■ **Your objective**
Could you output every record again, exactly as given?
====================
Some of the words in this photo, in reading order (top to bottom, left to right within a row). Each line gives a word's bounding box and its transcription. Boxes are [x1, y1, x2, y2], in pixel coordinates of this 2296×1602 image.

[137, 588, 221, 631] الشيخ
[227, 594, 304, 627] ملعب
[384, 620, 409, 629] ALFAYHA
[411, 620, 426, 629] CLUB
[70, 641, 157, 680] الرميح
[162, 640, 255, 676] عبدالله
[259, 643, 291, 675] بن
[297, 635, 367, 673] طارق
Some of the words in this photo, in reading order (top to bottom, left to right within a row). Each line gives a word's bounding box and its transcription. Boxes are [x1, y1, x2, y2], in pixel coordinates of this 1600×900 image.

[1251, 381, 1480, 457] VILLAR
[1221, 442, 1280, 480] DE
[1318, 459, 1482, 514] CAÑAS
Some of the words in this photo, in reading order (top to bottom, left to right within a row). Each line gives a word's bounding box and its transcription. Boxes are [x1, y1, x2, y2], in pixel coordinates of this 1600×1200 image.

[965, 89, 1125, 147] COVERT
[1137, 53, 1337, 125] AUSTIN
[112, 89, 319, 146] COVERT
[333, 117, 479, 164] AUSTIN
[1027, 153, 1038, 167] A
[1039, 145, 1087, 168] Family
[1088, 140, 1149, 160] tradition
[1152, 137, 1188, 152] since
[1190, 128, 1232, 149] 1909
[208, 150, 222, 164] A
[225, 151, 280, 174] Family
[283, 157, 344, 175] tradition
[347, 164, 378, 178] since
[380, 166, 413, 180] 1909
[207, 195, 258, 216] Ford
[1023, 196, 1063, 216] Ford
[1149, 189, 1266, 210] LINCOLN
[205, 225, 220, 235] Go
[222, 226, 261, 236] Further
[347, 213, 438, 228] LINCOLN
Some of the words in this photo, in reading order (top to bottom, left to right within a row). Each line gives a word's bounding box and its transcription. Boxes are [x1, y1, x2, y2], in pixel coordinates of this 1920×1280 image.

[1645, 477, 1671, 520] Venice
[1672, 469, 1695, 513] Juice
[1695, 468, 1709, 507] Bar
====================
■ **Result**
Some of the words in this photo, in reading order (top to bottom, left to right within a row). Each line gives a word's bounding box and its transcription. Boxes are [x1, y1, x2, y2], in pixel coordinates of this 2296×1602 image.

[137, 588, 221, 631] الشيخ
[227, 594, 304, 627] ملعب
[384, 620, 409, 629] ALFAYHA
[411, 620, 426, 629] CLUB
[70, 641, 157, 680] الرميح
[162, 640, 255, 676] عبدالله
[259, 643, 291, 675] بن
[297, 635, 367, 673] طارق
Some of the words in this photo, in reading order (top to bottom, left to right within a row). Each line gives a word's bounding box and its transcription. Boxes are [x1, y1, x2, y2], in pixel coordinates of this 1600×900 image.

[1251, 381, 1480, 457] VILLAR
[1221, 442, 1280, 480] DE
[1318, 459, 1482, 514] CAÑAS
Some of the words in this photo, in reading order (top to bottom, left to right within a row). Each line gives a word's bounding box and its transcription. Boxes are [x1, y1, x2, y2], in pixel coordinates of this 1600×1200 image.

[965, 89, 1125, 147] COVERT
[1137, 53, 1337, 125] AUSTIN
[112, 89, 319, 146] COVERT
[333, 117, 479, 164] AUSTIN
[1027, 153, 1038, 167] A
[1039, 145, 1087, 168] Family
[1088, 140, 1149, 160] tradition
[1152, 137, 1188, 152] since
[1190, 128, 1232, 149] 1909
[208, 150, 222, 164] A
[225, 151, 280, 174] Family
[283, 157, 344, 175] tradition
[347, 164, 378, 178] since
[380, 166, 413, 180] 1909
[207, 195, 258, 216] Ford
[1023, 196, 1063, 216] Ford
[1149, 189, 1266, 210] LINCOLN
[205, 225, 220, 235] Go
[222, 226, 261, 236] Further
[347, 213, 438, 228] LINCOLN
Some of the words in this photo, in reading order (top to bottom, left to right within a row). Each line gives a word's bounding box and its transcription. Boxes are [x1, y1, x2, y2], in pixel coordinates of this 1920×1280 image.

[1645, 477, 1671, 520] Venice
[1672, 469, 1695, 513] Juice
[1695, 468, 1709, 507] Bar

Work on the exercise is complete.